Gavin Bryars (n. 1943) es un compositor y contrabajista británico que formó parte de la etapa tardía de la fiesta experimentalista. Después de tocar en un trío de free jazz se interesó por la composición y en 1969 escribió The Sinking of the Titanic, para ensamble de cuerdas y cinta magnética. Escuchamos en esta pieza un himno episcopal (Otoño, supuestamente tocado durante el hundimiento mismo del Titanic) y fragmentos de otras piezas sobre un trasfondo de sonidos espectrales (voces, ¿metal retorciéndose?, una cajita de música, ruidos alterados bajo el agua) todos relacionados con el hundimiento del famoso trasatlántico. En 1971 Bryars presentó Jesus’ Blood Never Failed Me Yet, para orquesta y voz grabada. La grabación (el fragmento de un himno religioso cantado por un vagabundo) sirve de loop a lo largo de toda la pieza, mientras que las secciones de la orquesta aportan diversas armonías como “comentarios” a cada repetición de la voz. El resultado en ambos casos pretende ser hipnotizante, quizá a la manera del minimalismo; también debería cautivarnos la ansiedad y poesía de una música que va quedando atrapada en el fondo del océano y la tonada agridulce de un indigente que agradece a Dios. Pero tengo mis reparos. Mi reserva principal es que la mayoría de este tipo de “piezas” fueron más manifiestos que obras; más ideas interesantes que objetos sonoros con pretensiones de permanecer en el repertorio (o en una discoteca). Como tales, su ambiente natural es la interpretación en vivo. Además, al menos en el caso de The Sinking of the Titanic, hay elementos de improvisación, decisiones que pueden tomar los músicos o el compositor que supongo que pueden apreciarse mejor en el momento mismo de su producción. De ahí que el propio Bryars haya ejecutado (y en algunos casos grabado) otras versiones de ambas obras (hay incluso una interpretación de Jesus’ Blood con Tom Waits haciendo la segunda voz).
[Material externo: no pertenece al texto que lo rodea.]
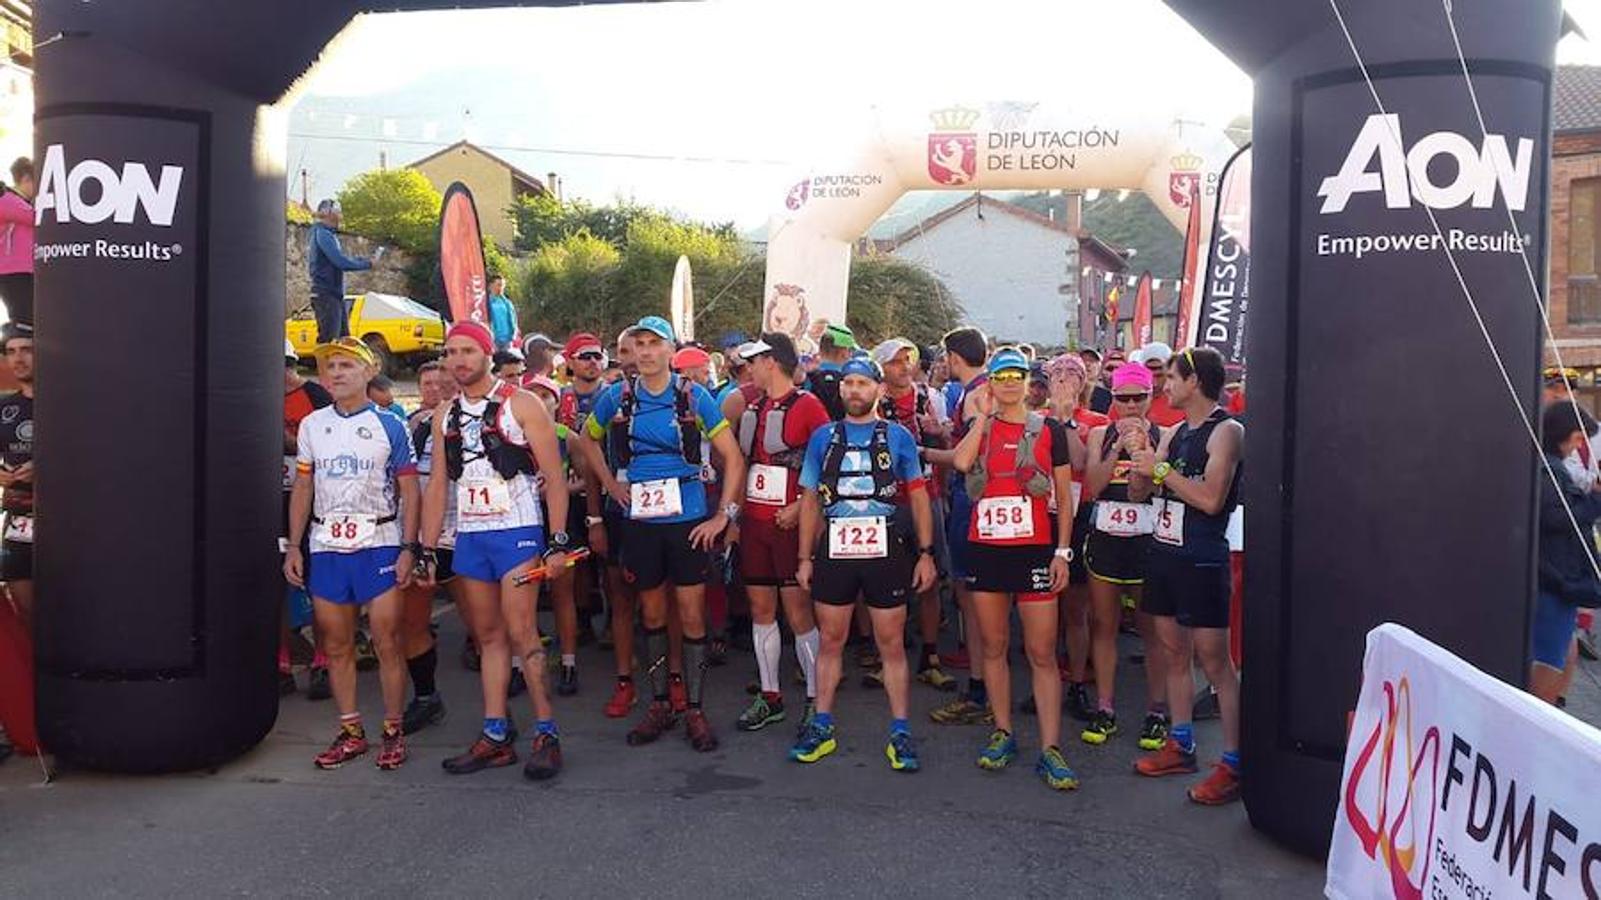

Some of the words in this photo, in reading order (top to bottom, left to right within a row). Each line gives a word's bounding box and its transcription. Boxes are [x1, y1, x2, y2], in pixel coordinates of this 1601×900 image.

[988, 125, 1119, 149] DIPUTACIÓN
[987, 154, 1013, 170] DE
[1019, 149, 1075, 170] LEÓN
[1317, 113, 1534, 213] AON
[35, 143, 183, 226] AON
[812, 187, 827, 198] DE
[1317, 231, 1444, 258] Empower
[1203, 206, 1246, 350] DMESCYL
[755, 473, 765, 490] 8
[468, 487, 490, 505] 71
[641, 490, 666, 508] 22
[984, 506, 1024, 526] 158
[1111, 509, 1138, 525] 49
[331, 522, 357, 539] 88
[838, 526, 878, 545] 122
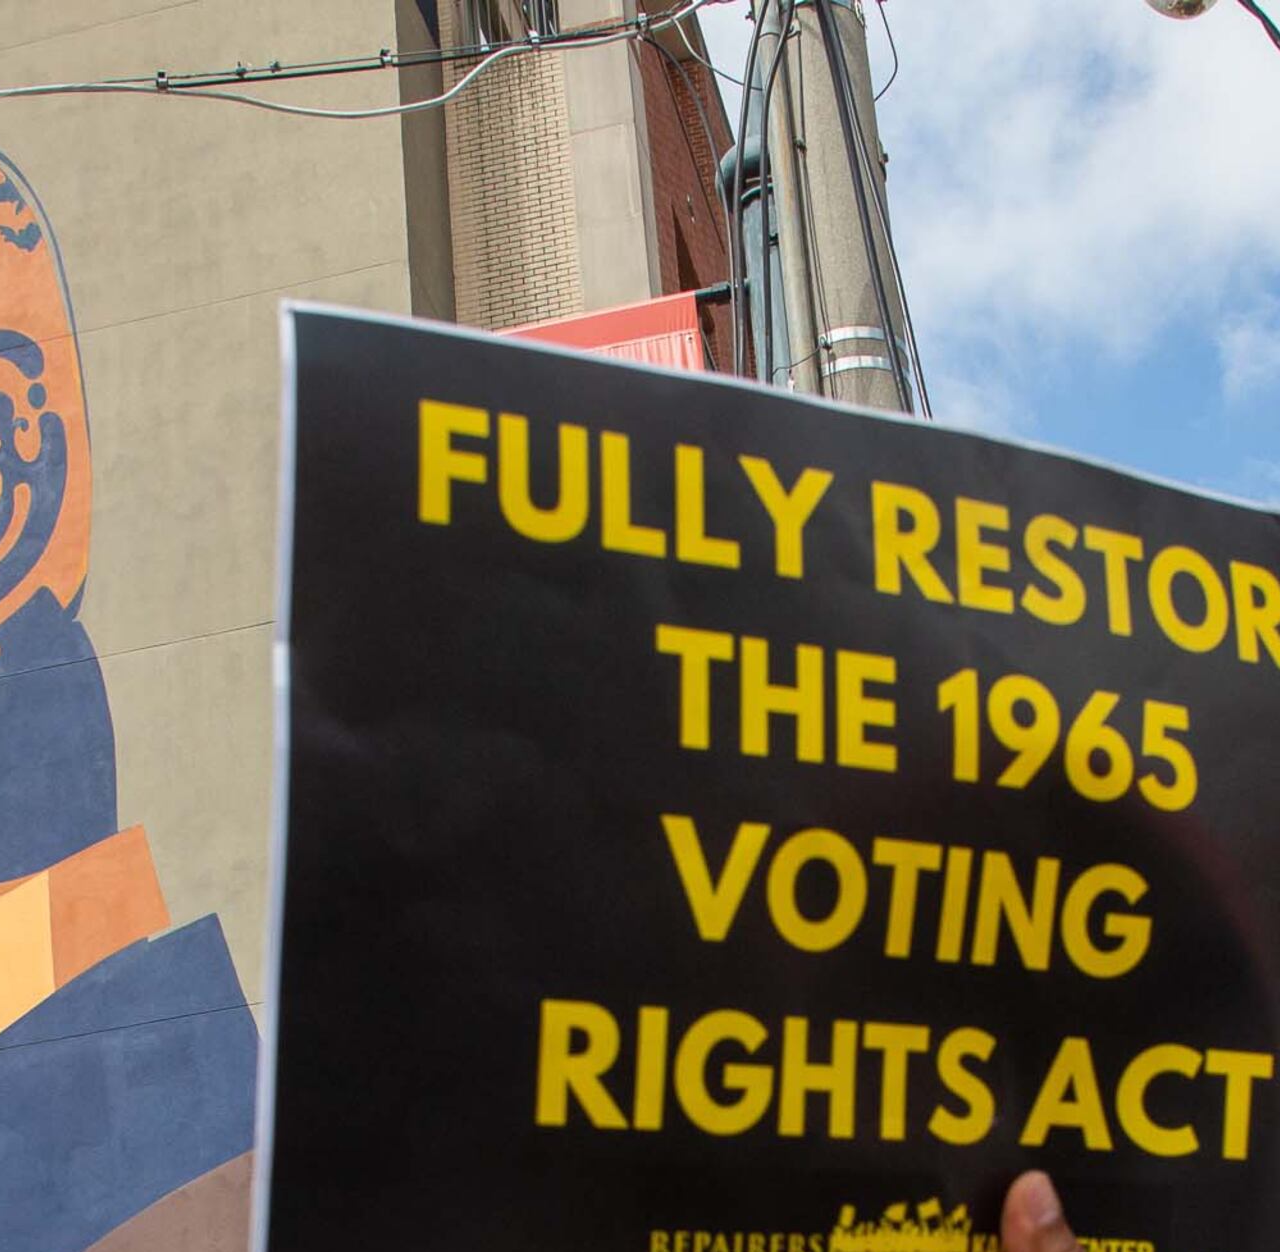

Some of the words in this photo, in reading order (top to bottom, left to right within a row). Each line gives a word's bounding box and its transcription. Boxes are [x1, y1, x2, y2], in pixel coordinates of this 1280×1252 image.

[419, 400, 832, 578] FULLY
[656, 624, 897, 772] THE
[937, 669, 1197, 811] 1965
[662, 815, 1151, 978] VOTING
[536, 1000, 995, 1145] RIGHTS
[1020, 1038, 1274, 1160] ACT
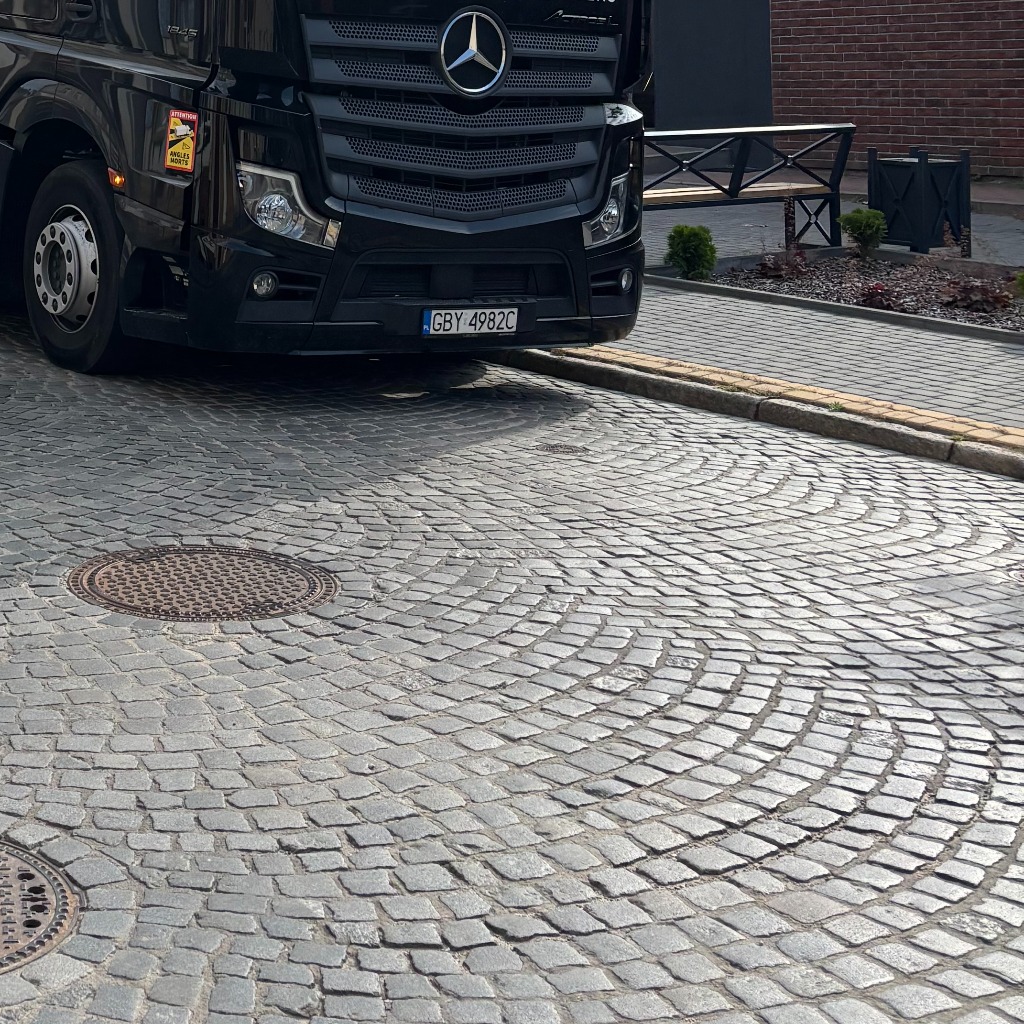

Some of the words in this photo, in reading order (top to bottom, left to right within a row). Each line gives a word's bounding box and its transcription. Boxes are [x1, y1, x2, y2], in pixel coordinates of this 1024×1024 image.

Me parece que, interesante y todo (y realmente vale la pena escucharse siquiera una vez), el disco (una remasterización de la grabación original de 1975) ha perdido frescura. Por lo que he podido leer y escuchar, durante los años setenta, e incluso un poco después, tuvo su brillo. Pero como arte conceptual o pop art las obras grabadas aquí ya no suenan incisivas ni sugestivas y más bien afloran sus aspectos más dóciles. Qué paradoja: el desarrollo de la música experimental, al menos en casos como éste, hizo que elementos como la tonalidad, la repetición, lo melodioso e incluso cierta sensiblería, todos valores generalmente asociados con el tradicionalismo, volvieran a ser respetables.